WHAT YOU ARE ASKED TO DO:
Transcribe every entry that follows exactly, omitting all pictures.

DATASET:

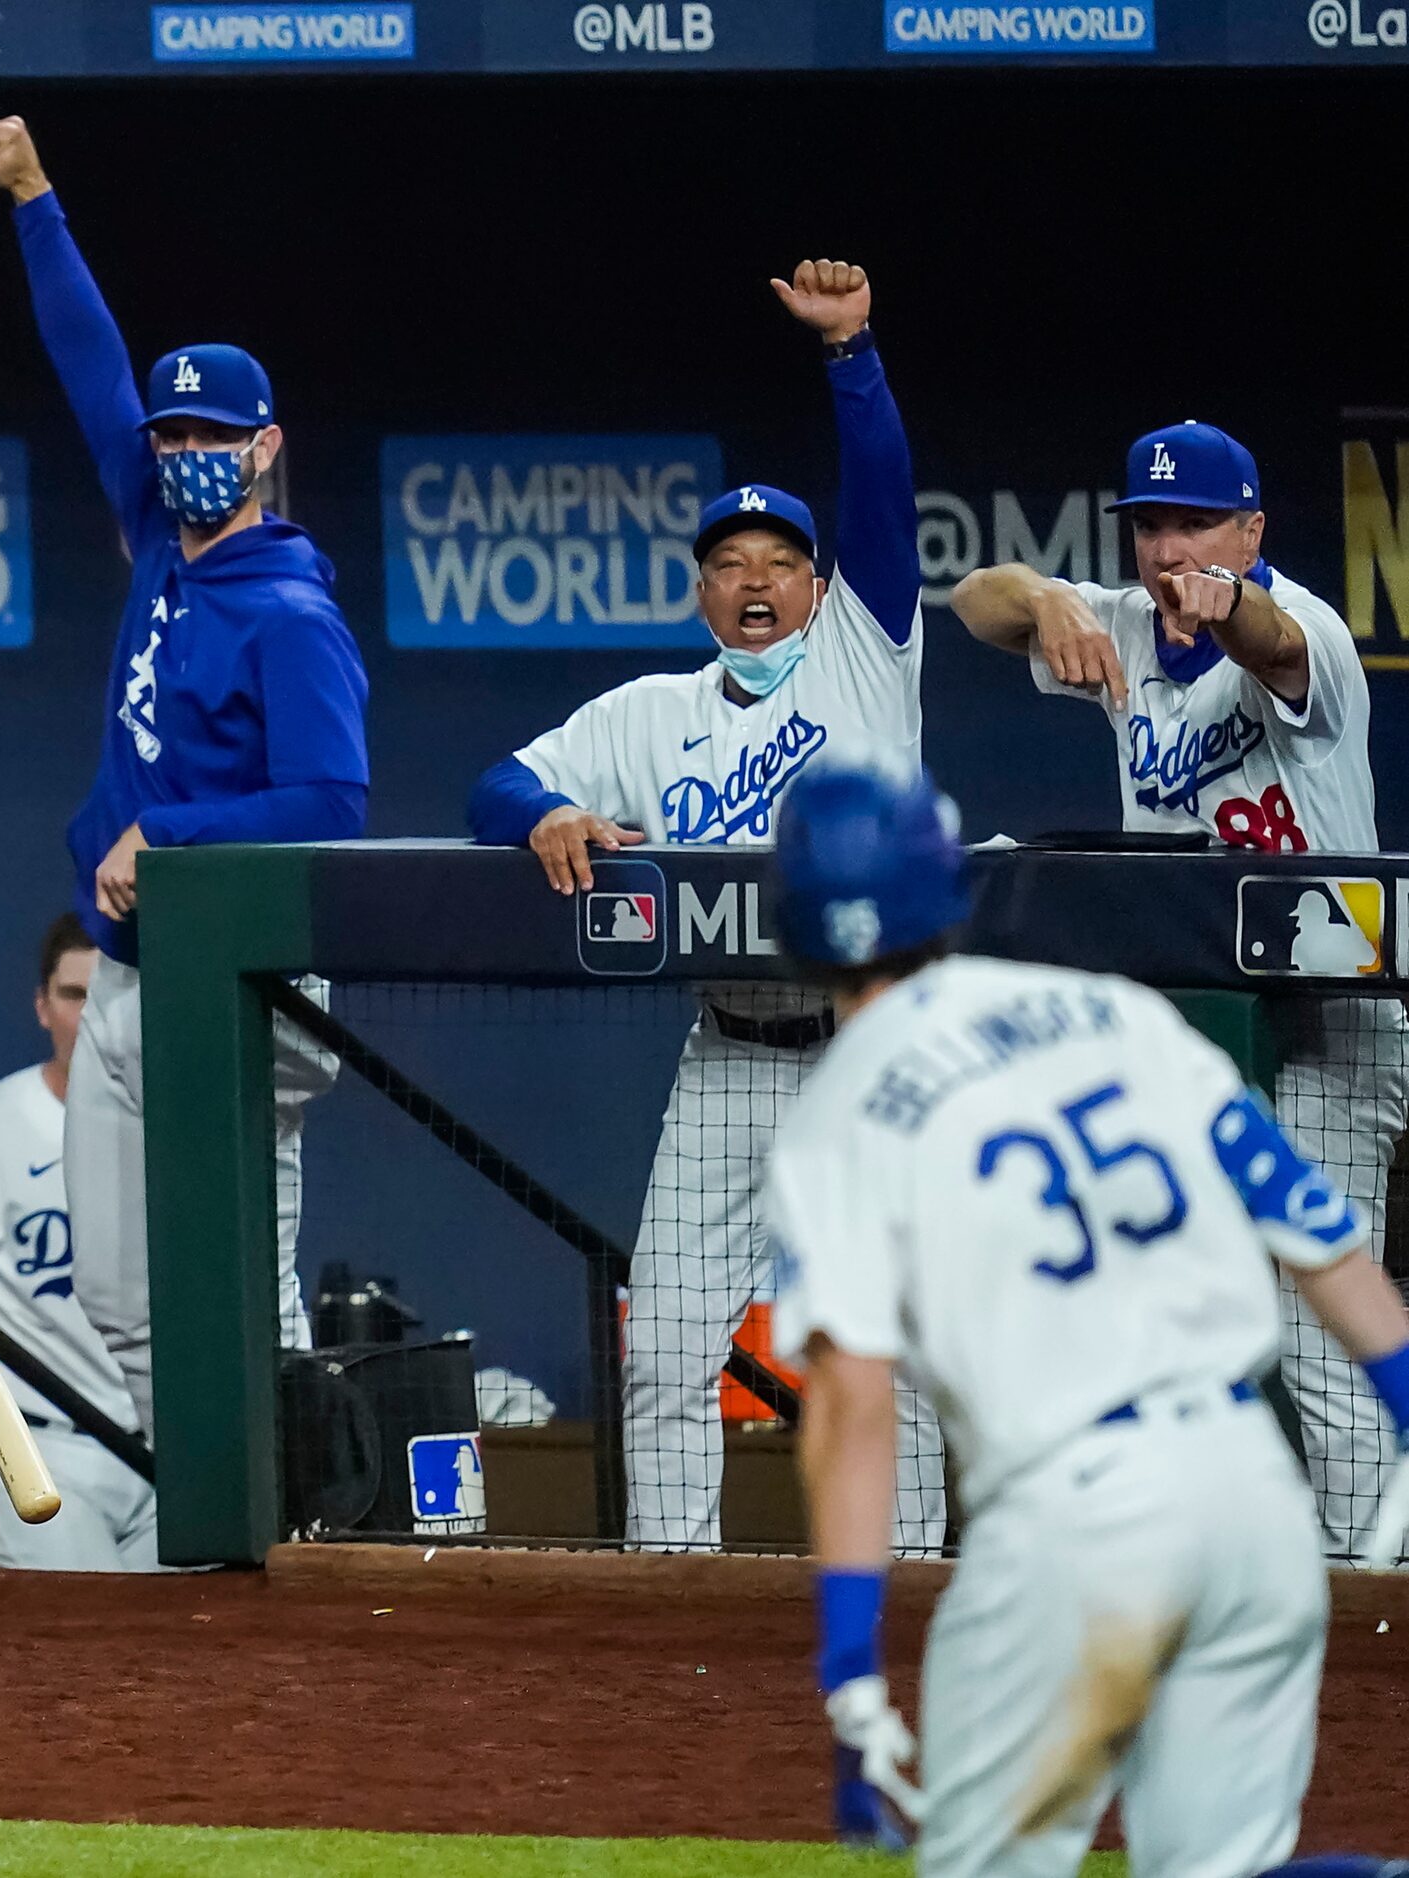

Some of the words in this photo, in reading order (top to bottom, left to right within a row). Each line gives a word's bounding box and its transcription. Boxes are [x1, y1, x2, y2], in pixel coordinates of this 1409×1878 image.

[161, 15, 294, 49] CAMPING
[295, 14, 405, 48] WORLD
[573, 3, 715, 51] @MLB
[894, 7, 1031, 42] CAMPING
[1032, 6, 1146, 41] WORLD
[172, 355, 202, 393] LA
[1148, 442, 1177, 481] LA
[400, 461, 700, 536] CAMPING
[738, 485, 768, 513] LA
[406, 538, 698, 627] WORLD
[976, 1083, 1188, 1281] 35
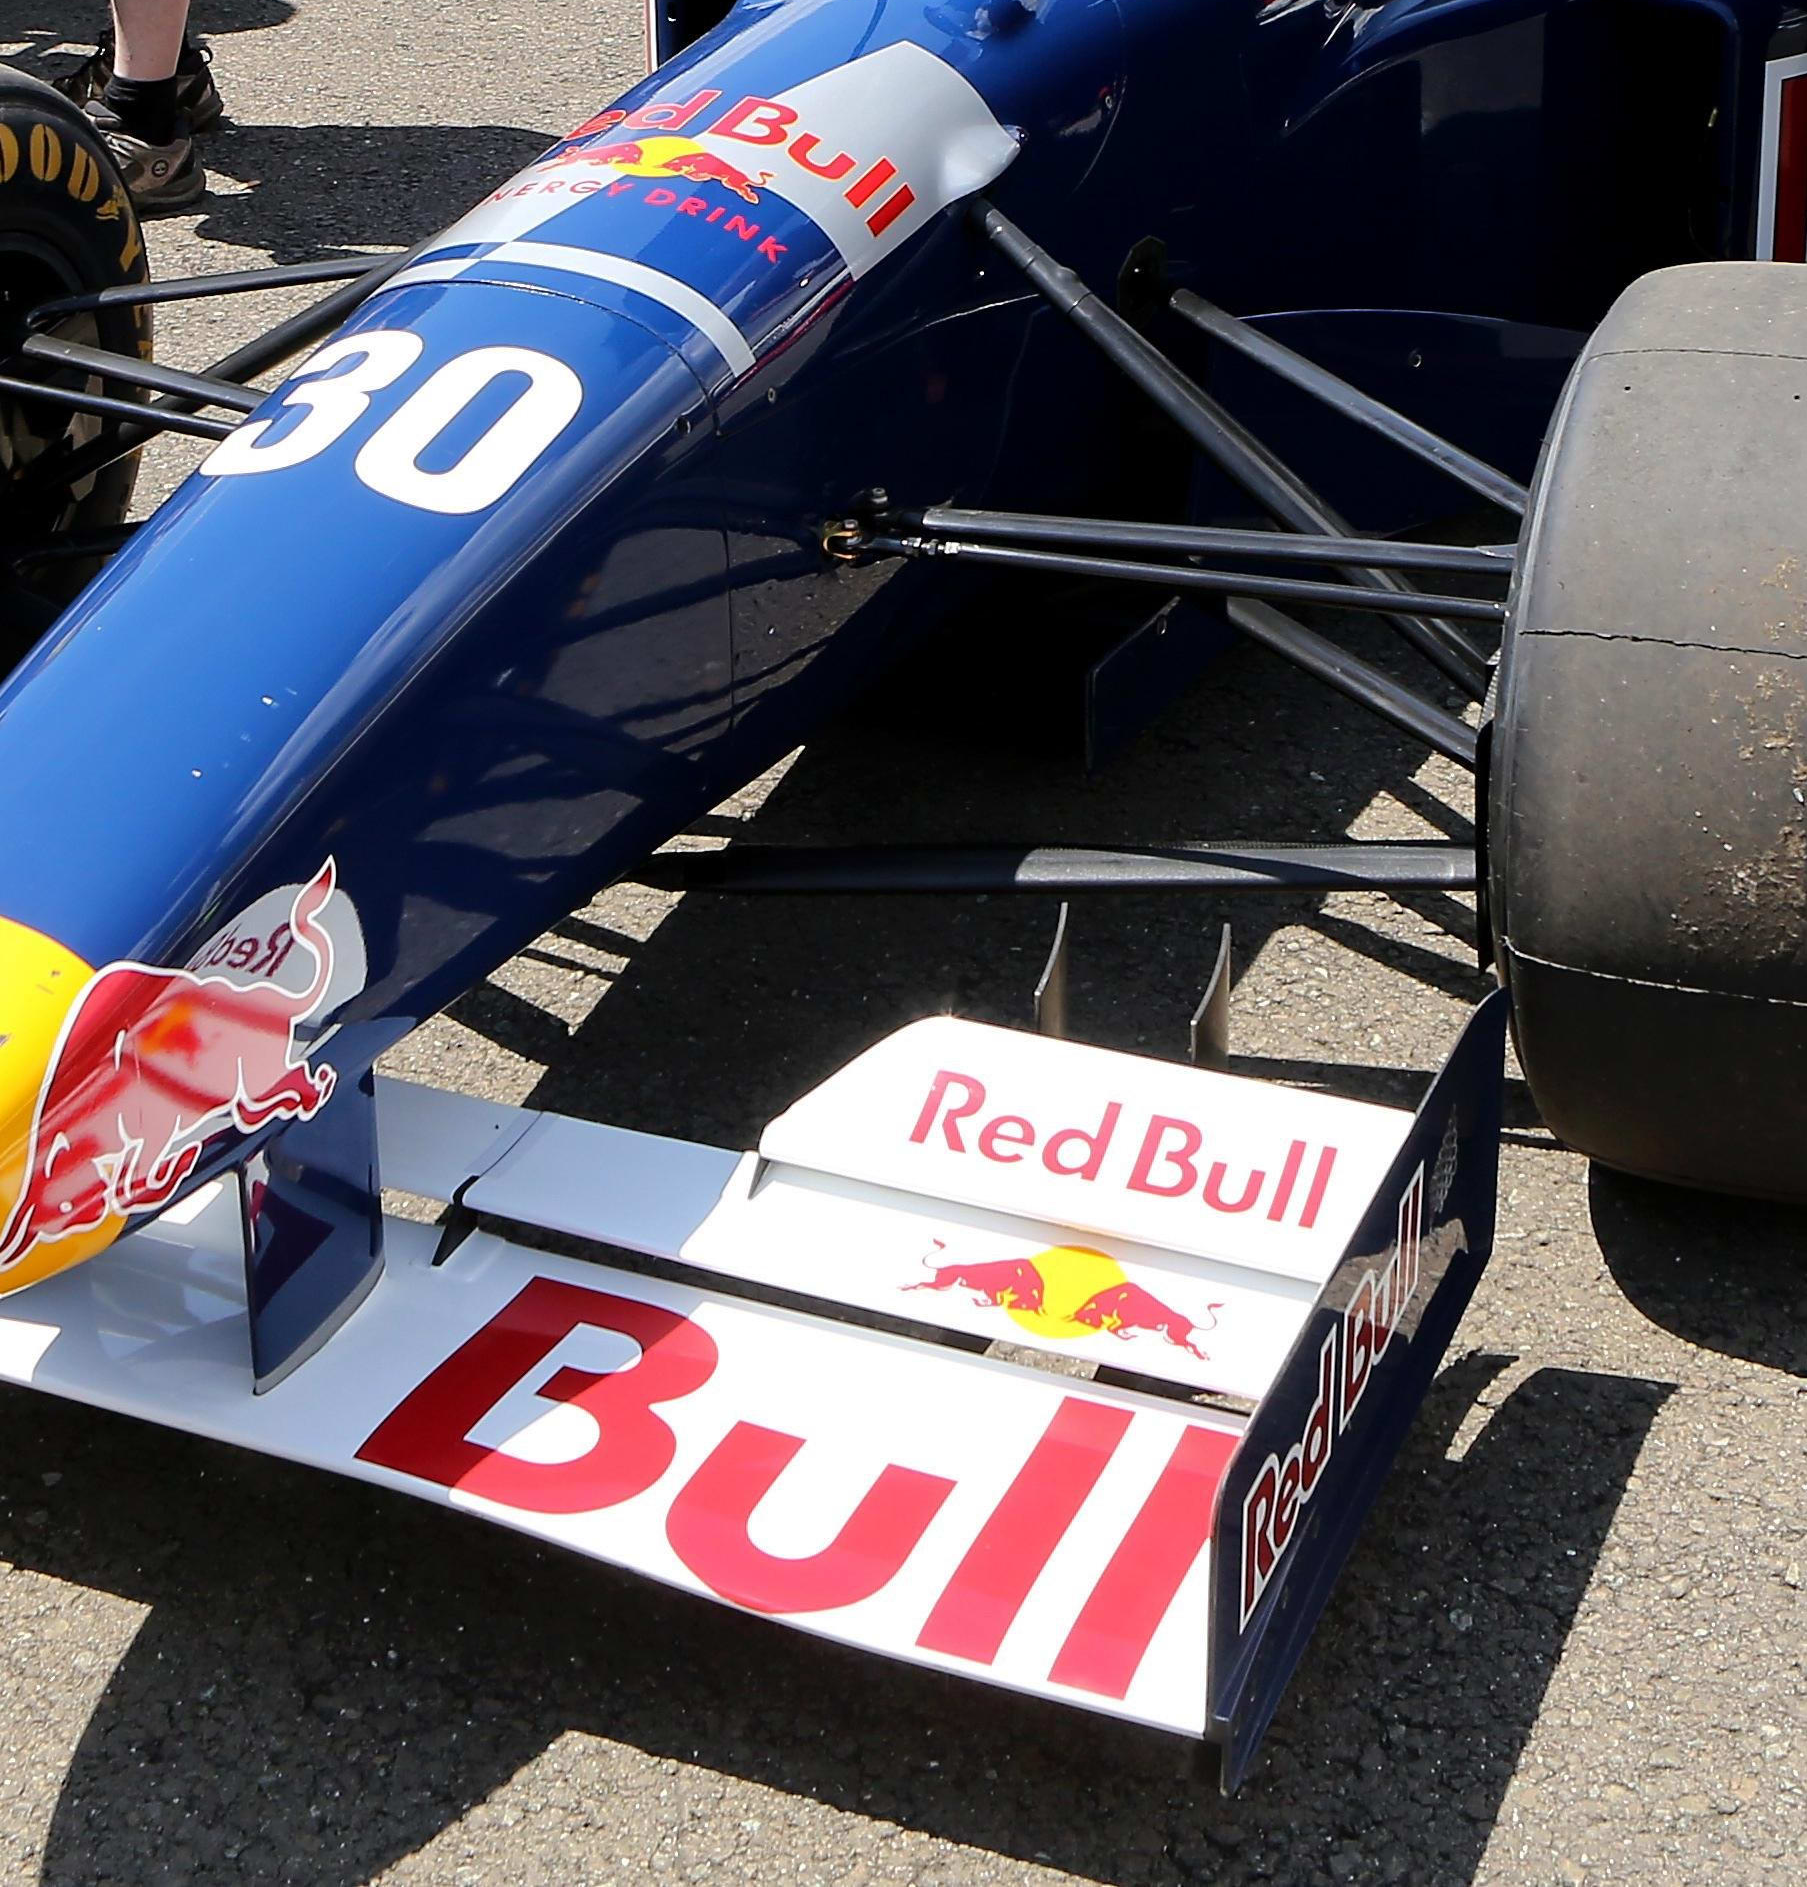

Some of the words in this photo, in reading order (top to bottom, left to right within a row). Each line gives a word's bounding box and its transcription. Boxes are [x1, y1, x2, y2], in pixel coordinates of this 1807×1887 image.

[491, 178, 634, 204] NERGY
[645, 186, 789, 264] DRINK
[564, 89, 724, 142] ed
[708, 95, 917, 238] Bull
[200, 330, 583, 514] 30
[910, 1070, 1122, 1182] Red
[1127, 1113, 1338, 1229] Bull
[1240, 1320, 1338, 1635] Red
[1339, 1159, 1425, 1437] Bull
[355, 1276, 1242, 1700] Bull
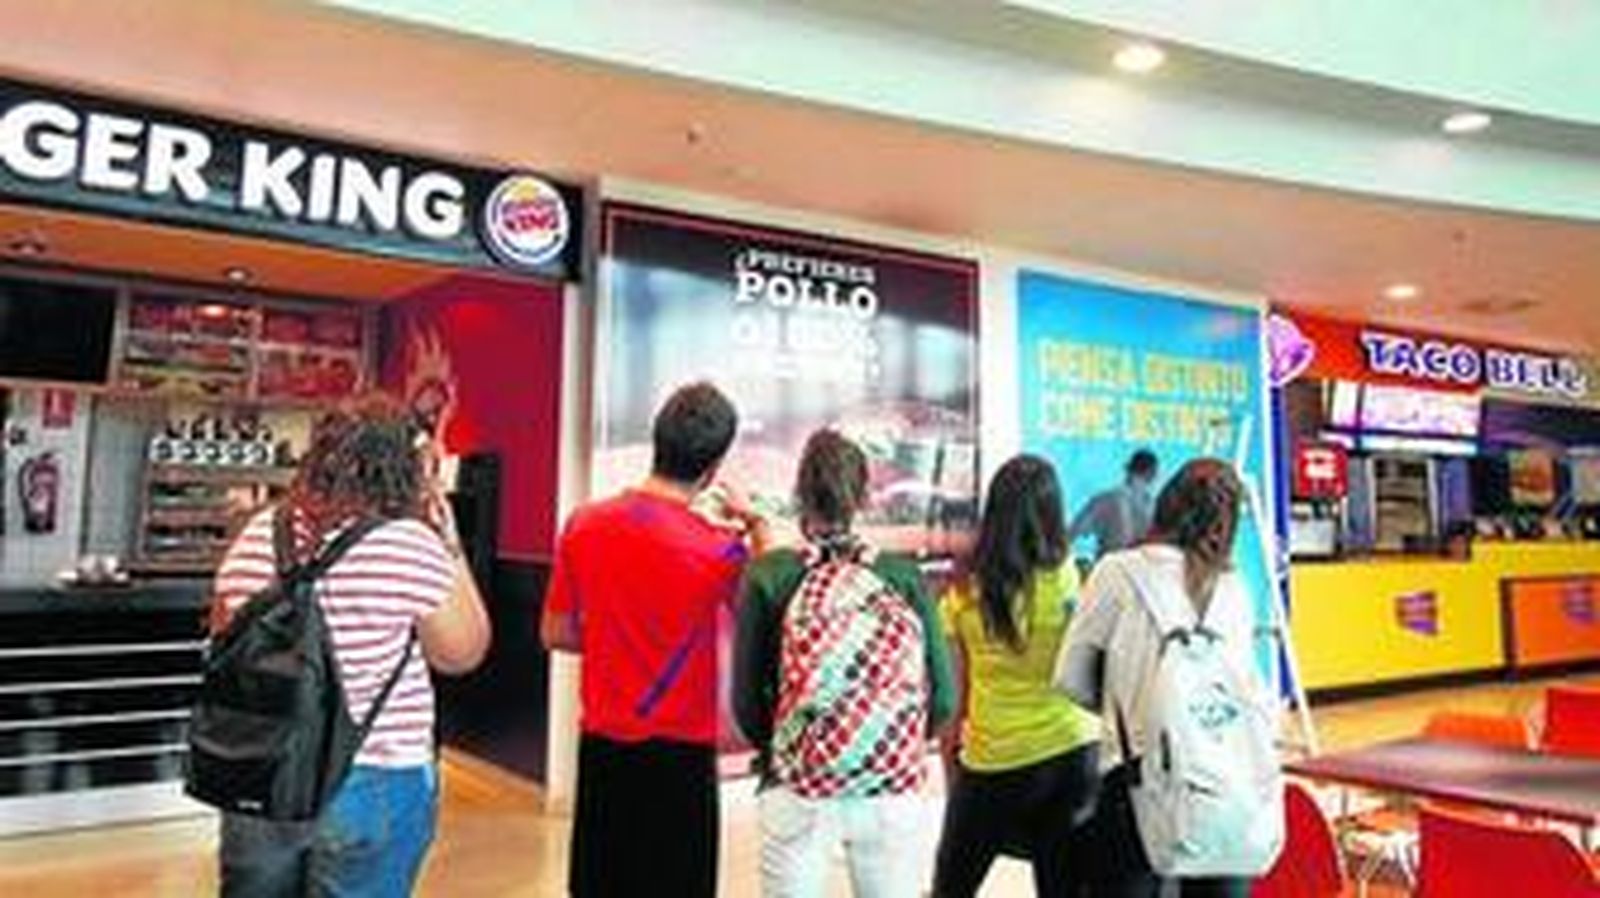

RESULT OF THE TASK:
Some of the words in this photo, in reading order (top to bottom, left to right within a row). Each line gives a word's bounding box and its transcription. Boxes are [x1, y1, x2, y2], in pixel coordinates of this 1409×1878 image.

[161, 15, 294, 49] CAMPING
[295, 14, 405, 48] WORLD
[573, 3, 715, 51] @MLB
[894, 7, 1031, 42] CAMPING
[1032, 6, 1146, 41] WORLD
[172, 355, 202, 393] LA
[1148, 442, 1177, 481] LA
[400, 461, 700, 536] CAMPING
[738, 485, 768, 513] LA
[406, 538, 698, 627] WORLD
[976, 1083, 1188, 1281] 35

Some of the words in this photo, in reading order (top to bottom, left to right within a row). Each line gives a word's bounding box and its transcription. Boxes are [x1, y1, x2, y2], in pixel coordinates of this 1807×1887 image.

[491, 178, 634, 204] NERGY
[645, 186, 789, 264] DRINK
[564, 89, 724, 142] ed
[708, 95, 917, 238] Bull
[200, 330, 583, 514] 30
[910, 1070, 1122, 1182] Red
[1127, 1113, 1338, 1229] Bull
[1240, 1320, 1338, 1635] Red
[1339, 1159, 1425, 1437] Bull
[355, 1276, 1242, 1700] Bull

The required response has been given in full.